La estupidez alrededor de Francis Scott Key en Baltimore

Por Juan José Alonso Llera

“La intransigencia es una obstinada negativa a cambiar de punto de vista. En la palabra intransigencia encuentras la palabra latina ‘transigere’ que significa ‘llegar a un entendimiento’; las personas que muestran intransigencia se niegan a hacerlo. Las naciones a menudo son acusadas de intransigencia cuando se niegan a cumplir con las normas o la voluntad internacionales”.

Esta semana se dio uno de los accidentes más trágicos económicamente hablando. Les cuento que, en la madrugada del 26 de marzo, el puente Francis Scott Key (FSK), que conecta las zonas costeras de Baltimore, en Maryland, colapsó tras ser impactado por un buque portacontenedores, conocido como el “Dalí”, propiedad de la empresa Synergy Marine Group.

El puente FSK, de 1.6 millas de extensión, destaca por contar con un tramo de 1,200 pies de puente de armadura, lo que lo convierte en el segmento de este tipo más largo a nivel mundial.

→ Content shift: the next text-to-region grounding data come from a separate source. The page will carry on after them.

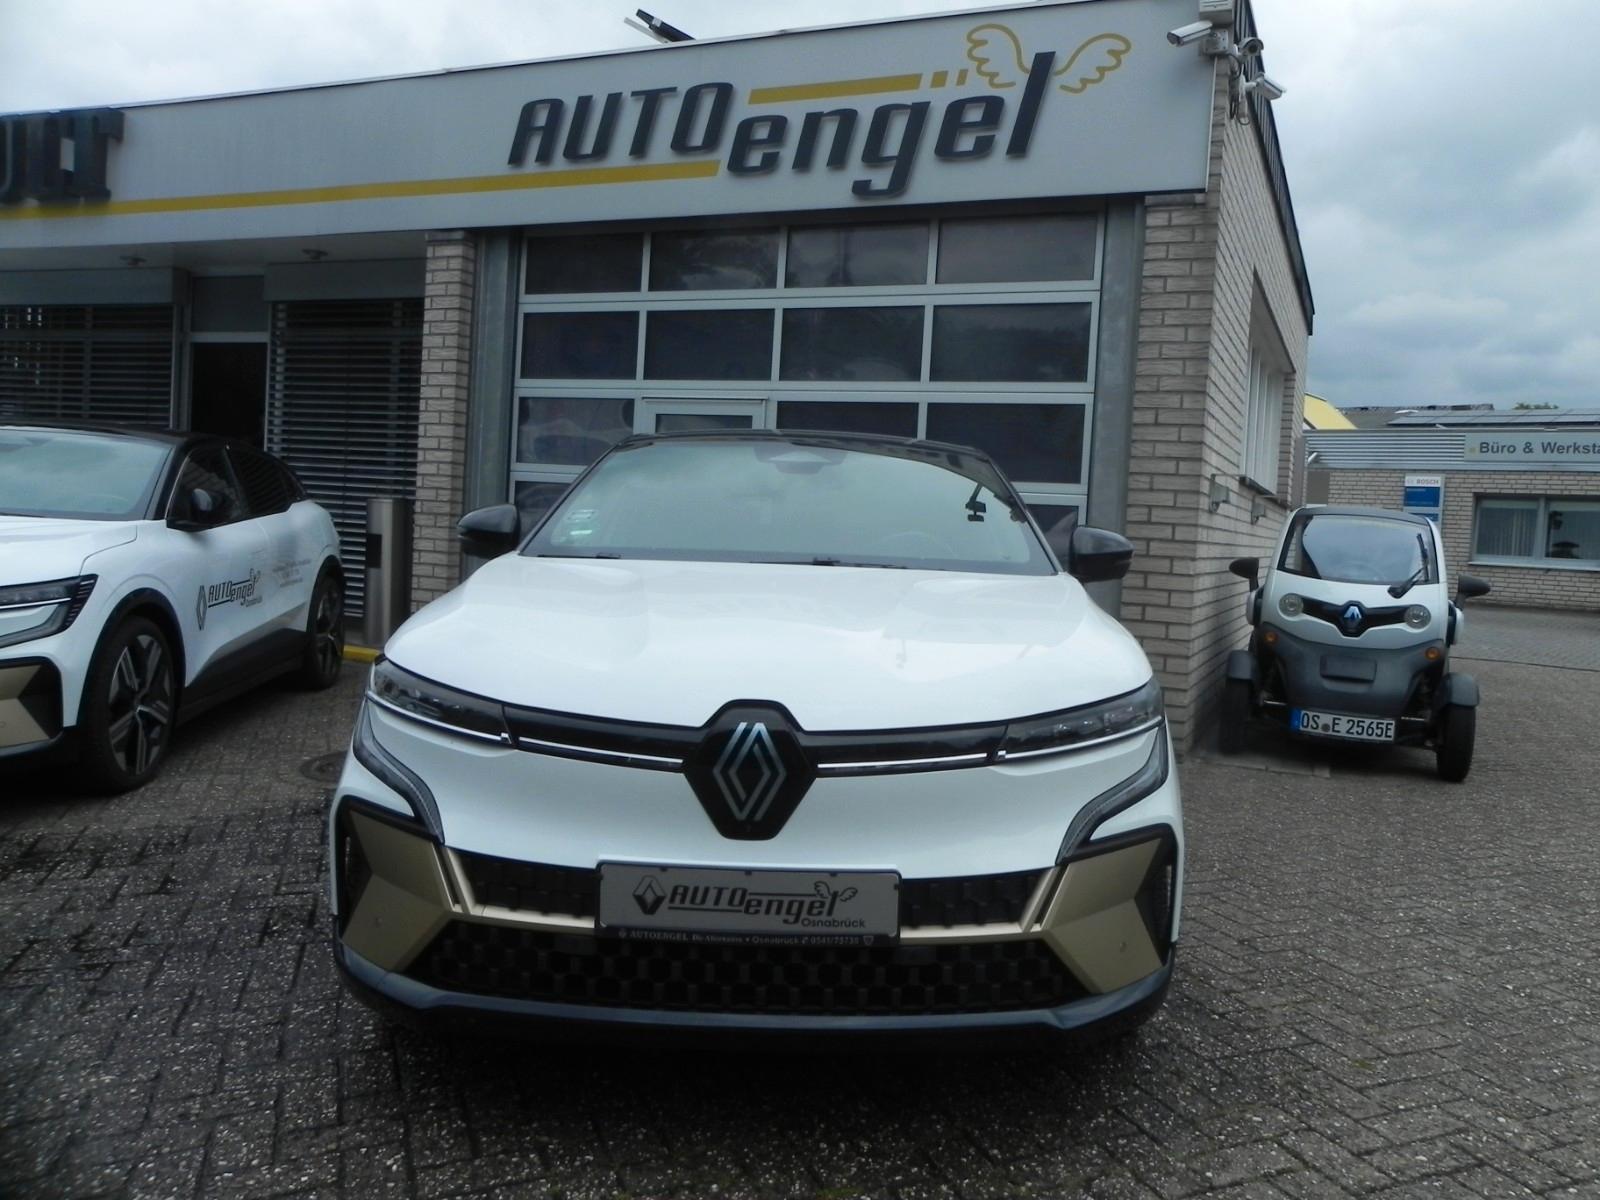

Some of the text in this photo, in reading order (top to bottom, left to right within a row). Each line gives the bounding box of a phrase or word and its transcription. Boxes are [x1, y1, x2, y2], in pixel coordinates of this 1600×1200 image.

[507, 51, 1057, 198] AUTOengel
[1479, 441, 1517, 455] Büro
[1523, 441, 1534, 455] &
[1301, 712, 1394, 739] OS E 2565E
[668, 884, 841, 925] AUTOengel
[801, 917, 867, 928] Osnabrück

Reportes iniciales, dan a conocer que el Dalí chocó contra uno de esos soportes, lo que derivó en el colapso.

Según los expertos, los puentes suelen contar con protecciones que los mantienen a salvo de colisiones, pero la enorme fuerza del Dali fue demasiada y sin yo ser ingeniero civil, el sentido común y la realidad ponen en evidencia a que el puente NO contaba con las medidas de protección a las columnas, que, a pesar del tamaño, el peso y la pérdida del gobierno del barco, hubieran evitado el choque directo a la columna.

Algunos expertos afirman que quizá sea demasiado pronto para saber exactamente qué pasó durante la colisión y el posterior derrumbe. Pero advierten que este tipo de puente en particular se construye con protecciones contra colisiones (que evidentemente este puente no tenía) y que puede haber sido necesario un gran impacto para que el puente cayera de esa manera.

Por ejemplo, el 29 de enero por la noche un barco de Liberia de 228 metros de largo (eslora) chocó contra uno de los pilotes del puente Zárate-Brazo Largo, principal vía de comunicación entre el sur de la provincia de Entre Ríos y el norte de la de Buenos Aires, en Argentina, y al puente no le paso nada, por contar con estas protecciones (¿puente argentino, mejor construido que el gringo?).

En el pasado, ya se han derrumbado puentes por colisiones con barcos. Entre 1960 y 2015, se produjeron 35 grandes derrumbes de puentes tras haber sido impactados por buques marítimos. Es ese riesgo inminente el motivo por el que los puentes modernos se construyan previendo posibles colisiones.

Los ingenieros han desarrollado una serie de requisitos y soluciones de seguridad destinados a garantizar la integridad del puente incluso en caso de accidentes como el ocurrido en Baltimore. En 2023, por el puerto de Baltimore transitaron la cifra récord de 52.3 millones de toneladas de cargo procedente del extranjero con un valor de 80,000 millones de dólares. Por sus muelles, empresas como Volkswagen, General Motors (GM), Toyota, Nissan y Volvo, además de fabricantes de lujo como Lamborghini, exportan e importan sus vehículos.

“Baltimore es el principal puerto de automóviles de Estados Unidos y estamos en contacto con funcionarios federales para ayudarlos a comprender el tamaño de las operaciones del automóvil ahí”.

En este momento más allá de las fallas, la intransigencia, los errores, las debilidades en seguridad y demás pifias, no hay manera de calcular el impacto económico en Maryland, las alternativas de solución y los 3 a 4 años que les llevará reponer el puente.

Sin duda los accidentes pasan, pero aquí pareciera que, por no invertir una cantidad mínima en barreras (pontones, que protegen o desvían) de contención a las columnas, hoy tienes un problema de dimensiones catastróficas para la economía, esto sin minimizar las muertes y desparecidos, que gracias a Dios el accidente fue de madrugada cuando la circulación era mínima. Mal inicio de Semana Santa.